*Work required*
Will you transcribe all the entries word for word, skipping the pictures they hold?
(Data for processing begins)
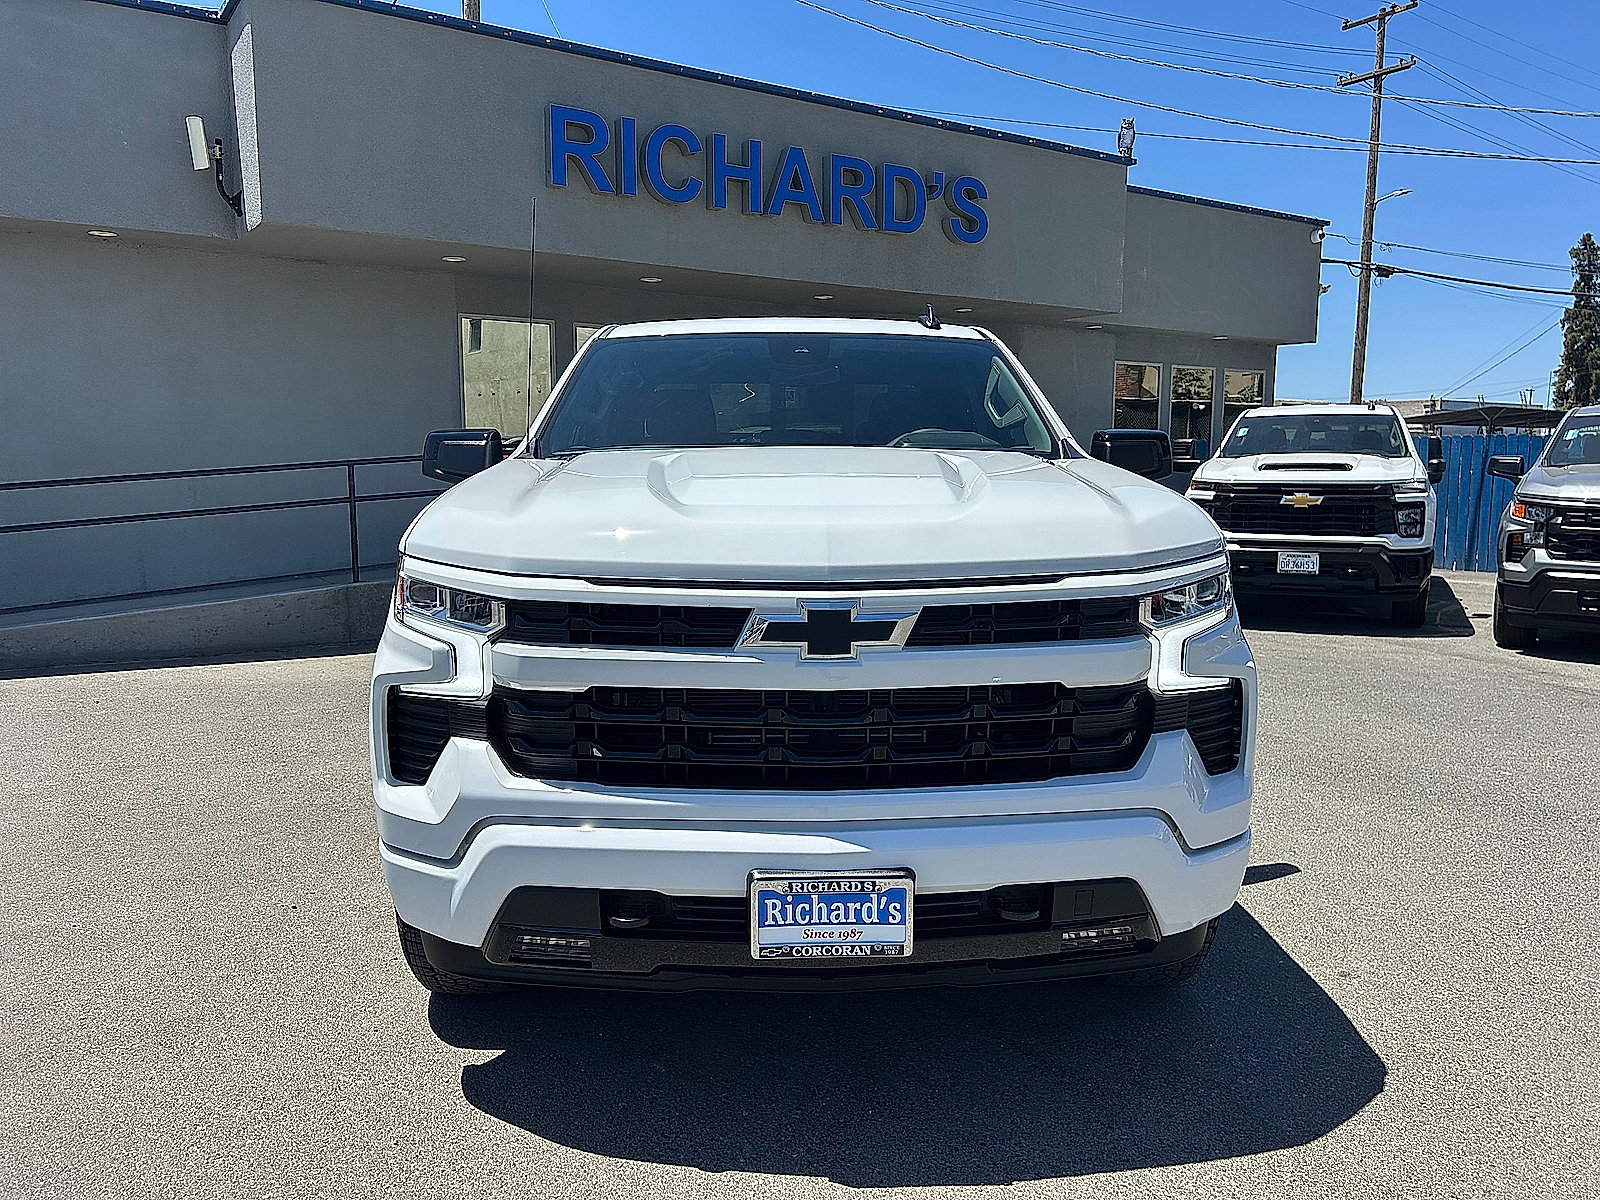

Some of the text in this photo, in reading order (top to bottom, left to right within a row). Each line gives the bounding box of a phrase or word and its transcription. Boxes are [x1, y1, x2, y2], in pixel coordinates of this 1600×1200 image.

[549, 104, 988, 244] RICHARD'S
[764, 894, 902, 925] Richard's
[802, 928, 864, 941] Since 1987
[792, 945, 872, 957] CORCORAN
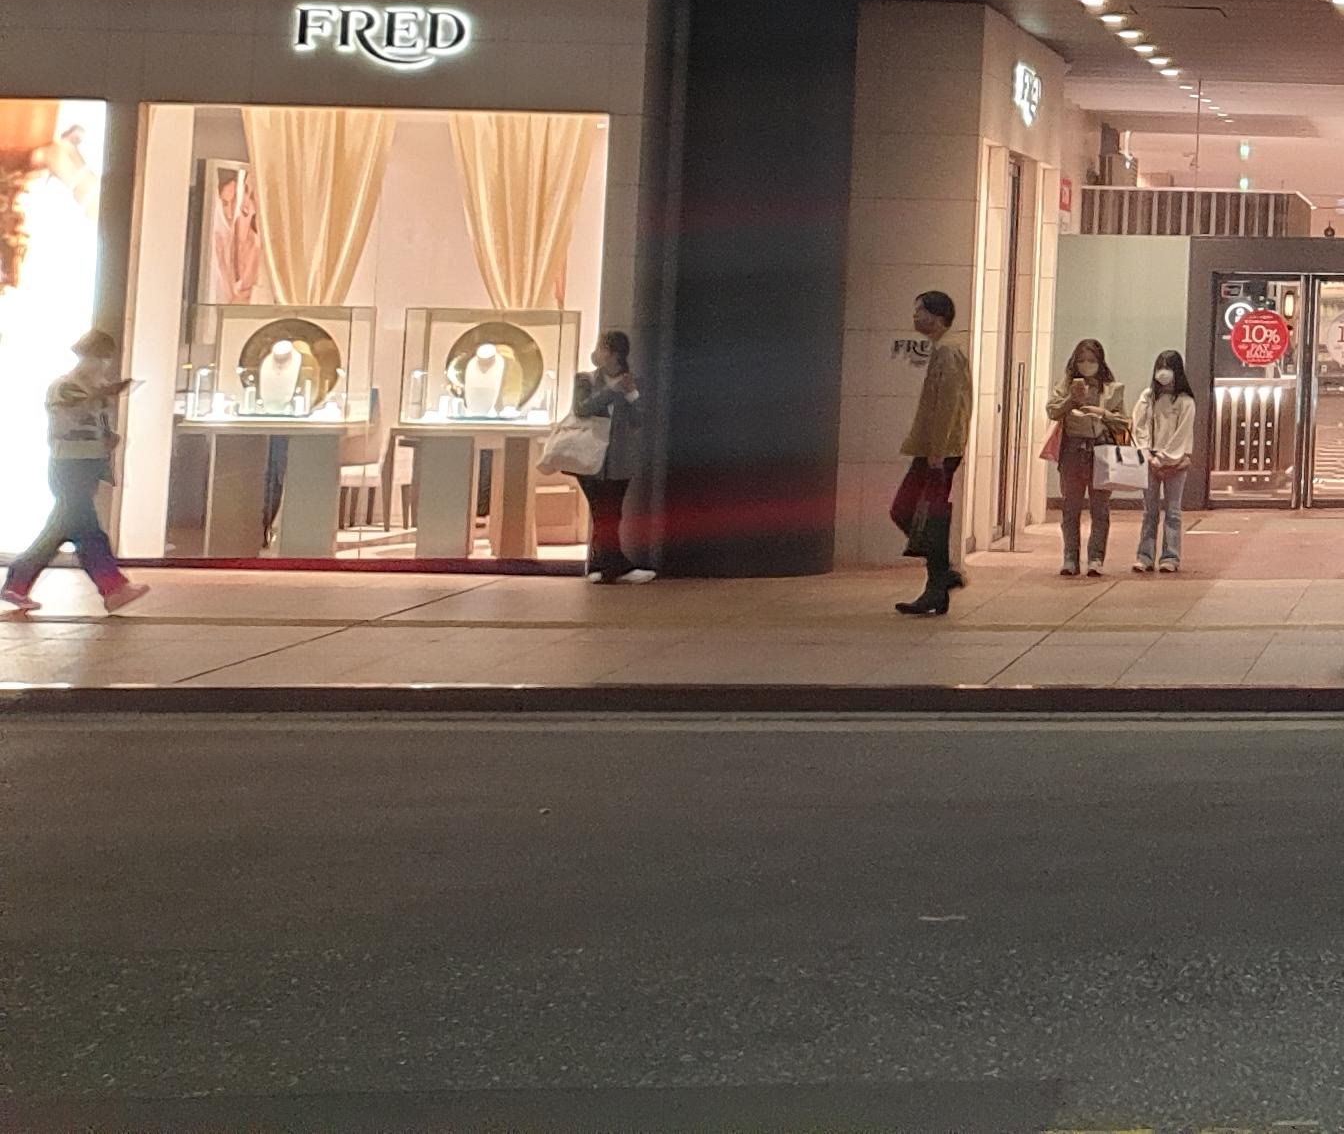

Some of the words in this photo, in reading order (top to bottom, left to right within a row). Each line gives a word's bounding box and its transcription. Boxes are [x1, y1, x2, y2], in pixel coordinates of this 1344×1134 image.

[295, 6, 467, 65] FRED
[1241, 325, 1281, 344] 10%
[894, 339, 930, 357] FRE
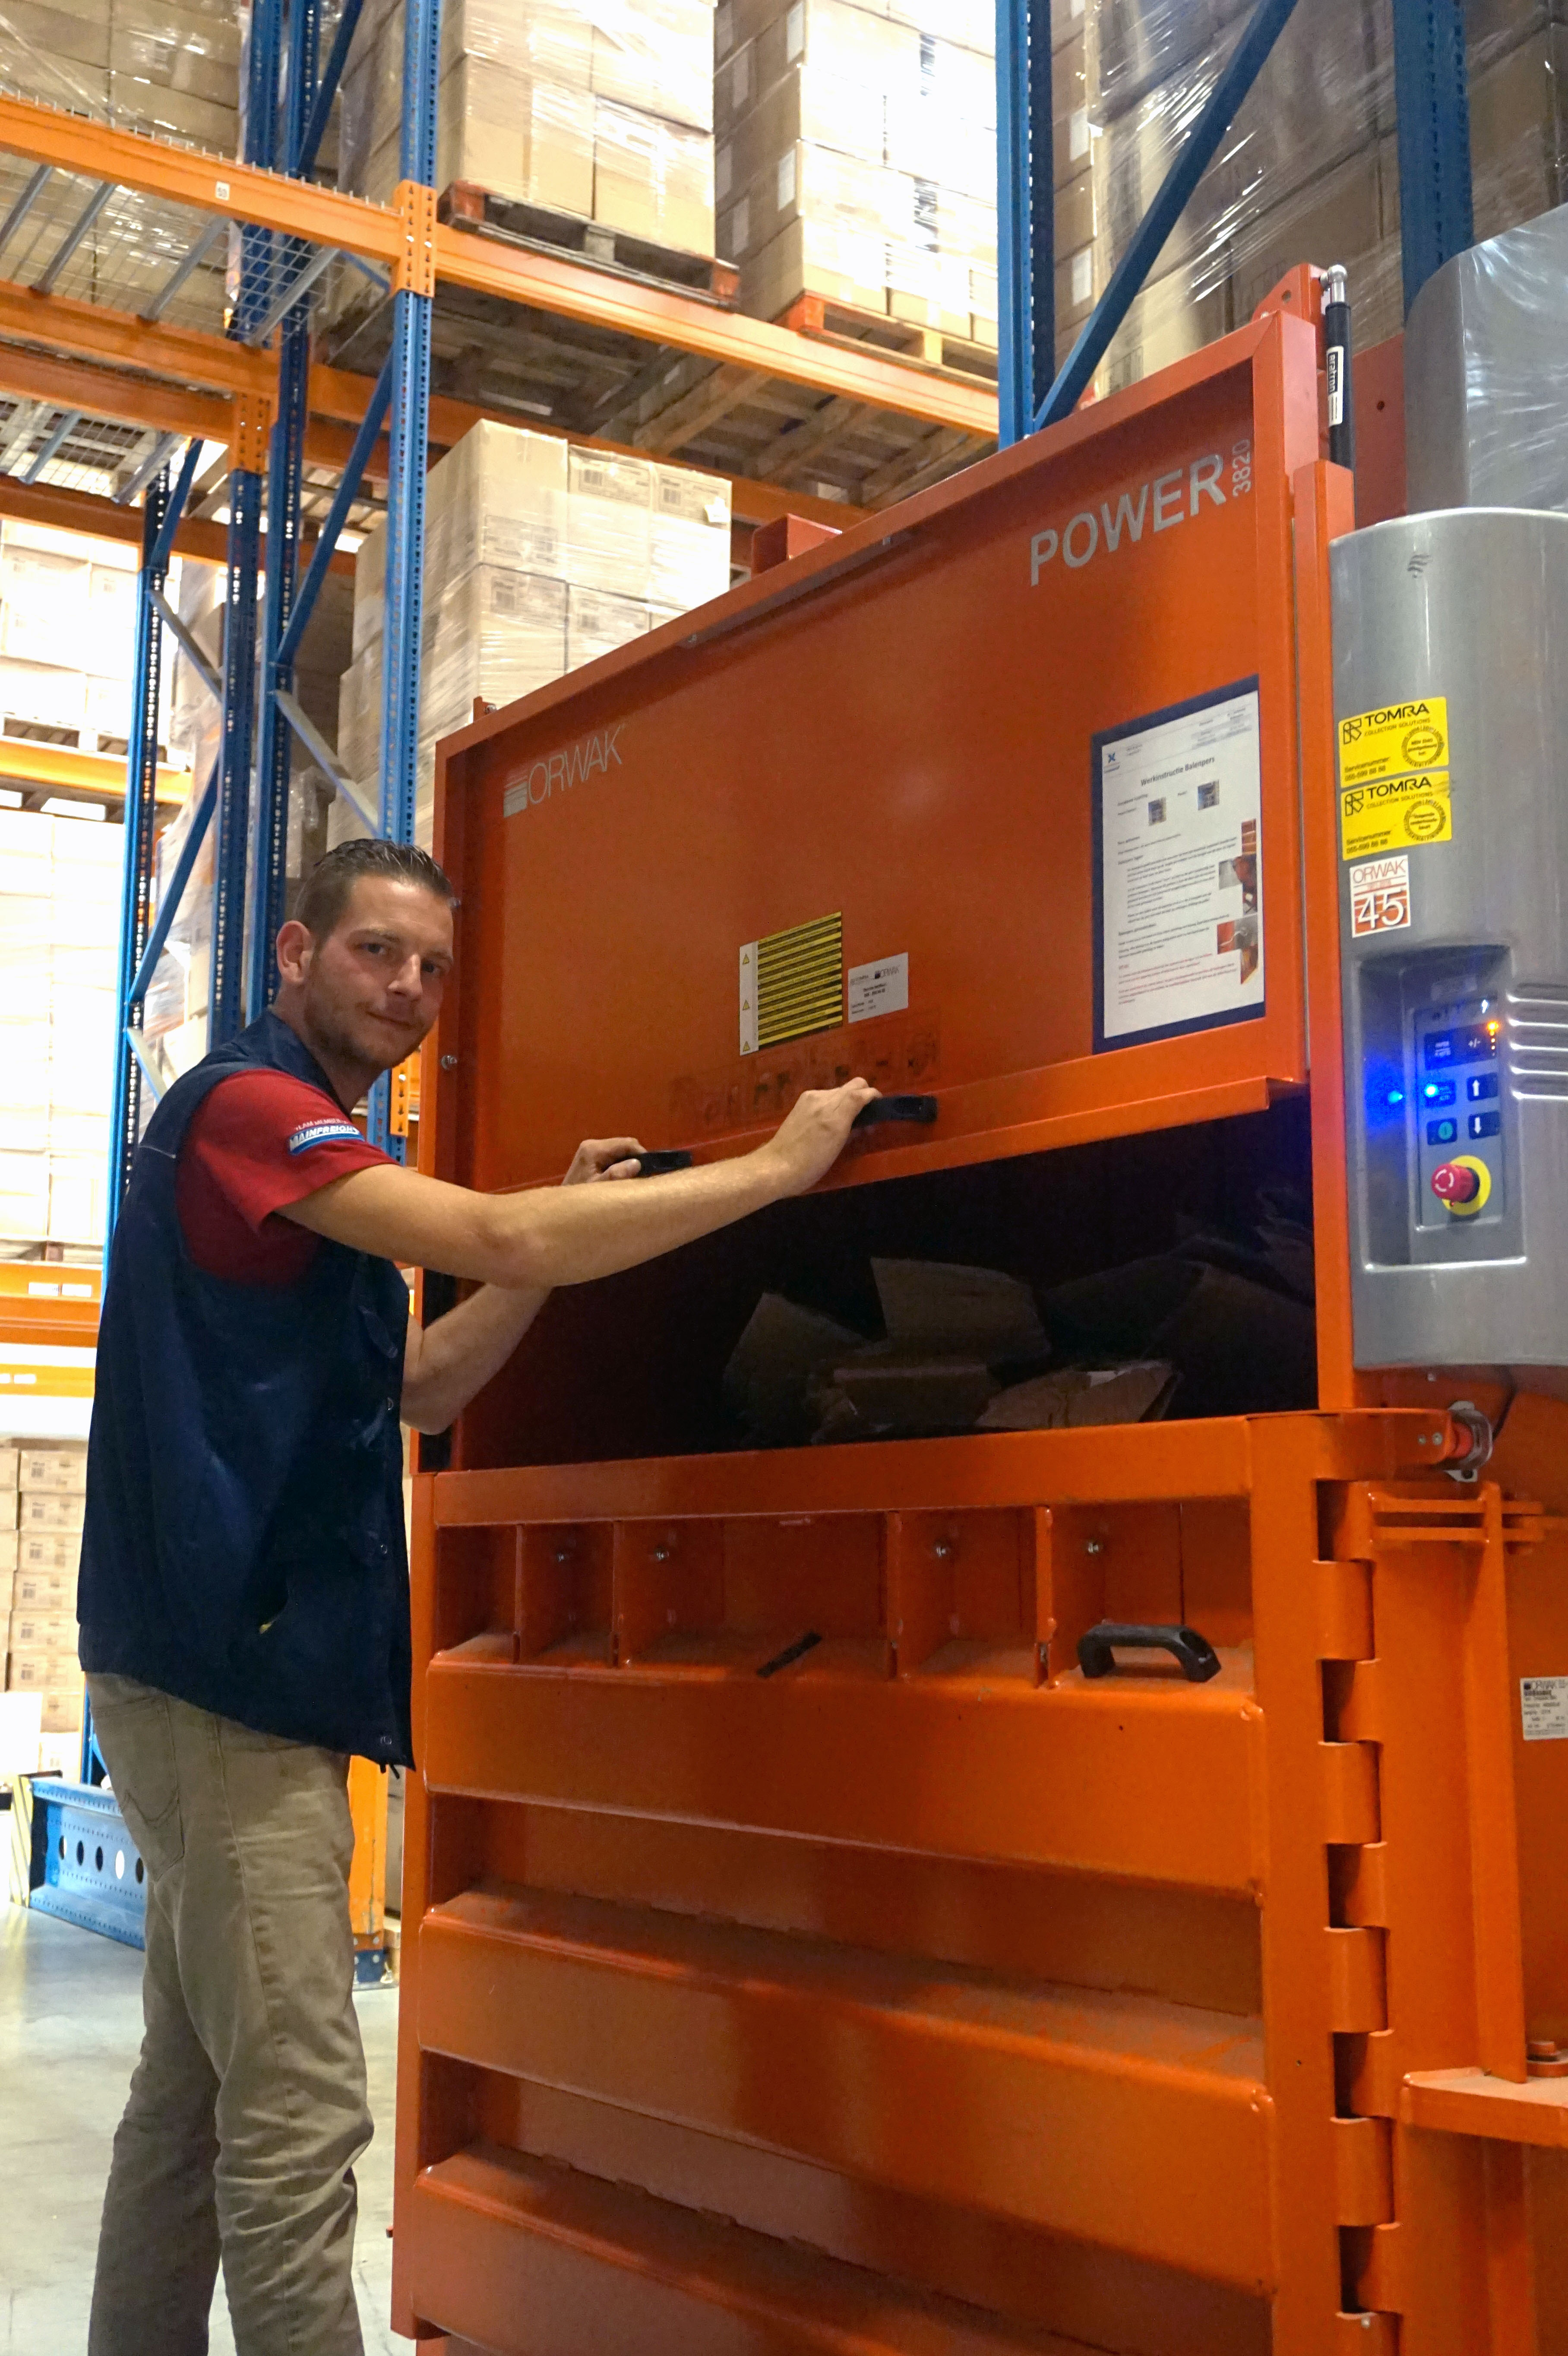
(Data for processing ends)
*Response to this task*
Some of the text in this photo, in reading order (top to bottom, left to right within a row). Each line gives the bounding box of a phrase or word and its transcription. Boxes are [x1, y1, x2, y2], in pixel coordinates of this 1600×1200 image.

[549, 104, 988, 244] RICHARD'S
[764, 894, 902, 925] Richard's
[802, 928, 864, 941] Since 1987
[792, 945, 872, 957] CORCORAN

Some of the words in this photo, in reading order (top to bottom, left to right within a row). Each line gives a word's bounding box and its transcription. Boxes are [x1, y1, x2, y2], in pixel coordinates of this 1344×1134 image.

[295, 6, 467, 65] FRED
[1241, 325, 1281, 344] 10%
[894, 339, 930, 357] FRE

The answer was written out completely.